Construct a model with only one field and solve it to perform standard PCA / EOF analysis.

    pca = xMCA(west)                        # PCA of west coast
    pca.solve(complexify=False)            # True for complex PCA

    svals = pca.singular_values()     # singular vales = eigenvalues for PCA
    expvar      = pca.explained_variance()  # explained variance
    pcs         = pca.pcs()                 # Principal component scores (PCs)
    eofs        = pca.eofs()                # spatial patterns (EOFs)

Obtaining a Varimax/Promax-rotated solution can be achieved by rotating the model choosing the number of EOFs to be rotated (n_rot) as well as the Promax parameter (power). Here, power=1 equals a Varimax-rotated solution.

    pca.rotate(n_rot=10, power=1)

    expvar_rot  = pca.explained_variance()  # explained variance
    pcs_rot     = pca.pcs()                 # Principal component scores (PCs)
    eofs_rot    = pca.eofs()                # spatial patterns (EOFs)

MCA

Same as for PCA / EOF analysis, but with two input fields instead of one.

    mca = xMCA(west, east)                  # MCA of field A and B
    mca.solve(complexify=False)            # True for complex MCA

    eigenvalues = mca.singular_values()     # singular vales
    pcs = mca.pcs()                         # expansion coefficient (PCs)
    eofs = mca.eofs()                       # spatial patterns (EOFs)

Significance analysis

A simple way of estimating the significance of the obtained modes is by running Monte Carlo simulations based on uncorrelated Gaussian white noise known as Rule N (Overland and Preisendorfer 1982). Here we create 200 of such synthetic data sets and compare the synthetic with the real singular spectrum to assess significance.

    surr = mca.rule_n(200)
    median = surr.median('run')
    q99 = surr.quantile(.99, dim='run')
    q01 = surr.quantile(.01, dim='run')

    cutoff = np.sum((svals - q99 > 0)).values  # first 8 modes significant

    fig = plt.figure(figsize=(10, 4))
    ax = fig.add_subplot(111)
    svals.plot(ax=ax, yscale='log', label='true')
    median.plot(ax=ax, yscale='log', color='.5', label='rule N')
    q99.plot(ax=ax, yscale='log', color='.5', ls=':')
    q01.plot(ax=ax, yscale='log', color='.5', ls=':')
    ax.axvline(cutoff + 0.5, ls=':')
    ax.set_xlim(-2, 200)
    ax.set_ylim(1e-1, 2.5e4)
    ax.set_title('Significance based on Rule N')
    ax.legend()

The first 8 modes are significant according to rule N using 200 synthetic runs.
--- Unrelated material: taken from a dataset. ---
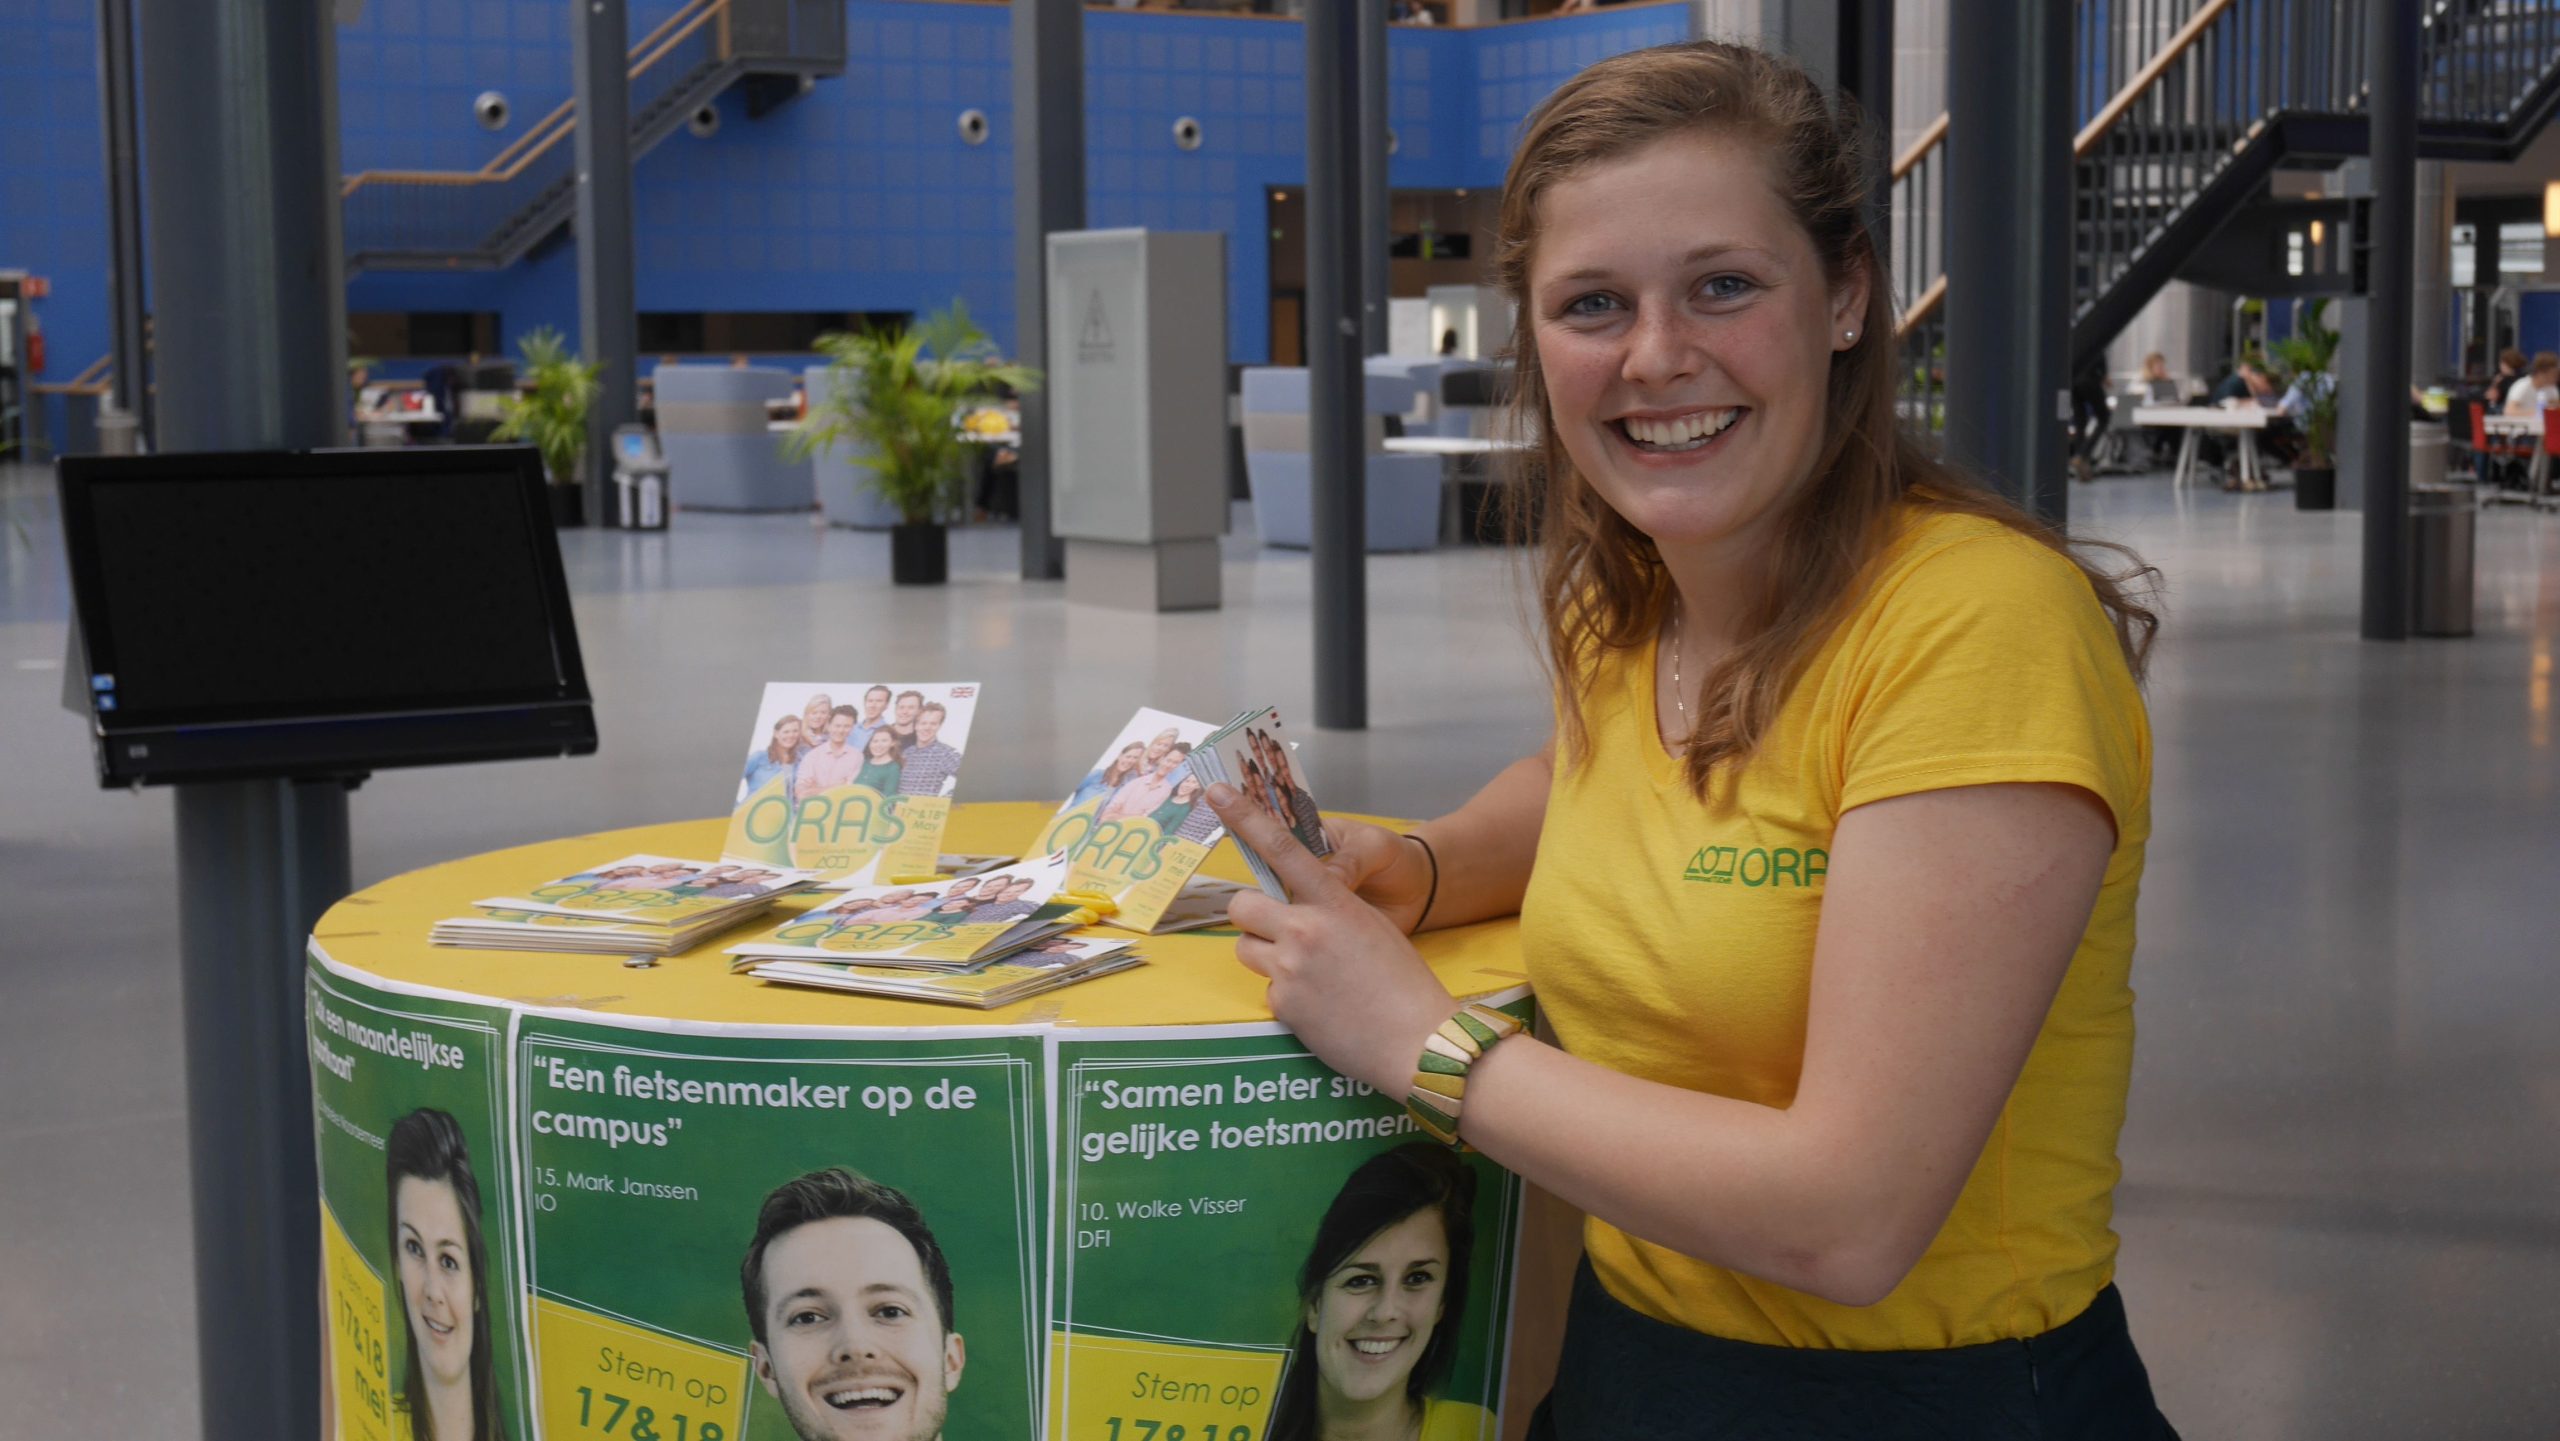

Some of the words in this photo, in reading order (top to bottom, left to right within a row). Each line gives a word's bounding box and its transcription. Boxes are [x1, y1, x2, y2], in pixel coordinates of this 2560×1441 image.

Saving/loading an analysis

    mca.save_analysis('my_analysis')    # this will save the data and a respective
                                        # info file. The files will be stored in a
                                        # special directory
    mca2 = xMCA()                       # create a new, empty instance
    mca2.load_analysis('my_analysis/info.xmca') # analysis can be
                                        # loaded via specifying the path to the
                                        # info file created earlier

Quickly inspect your results visually

The package provides a method to plot individual modes.

    mca2.set_field_names('West', 'East')
    pkwargs = {'orientation' : 'vertical'}
    mca2.plot(mode=1, **pkwargs)

Result of default plot method after performing MCA on T2m of North American west and east coast showing mode 1.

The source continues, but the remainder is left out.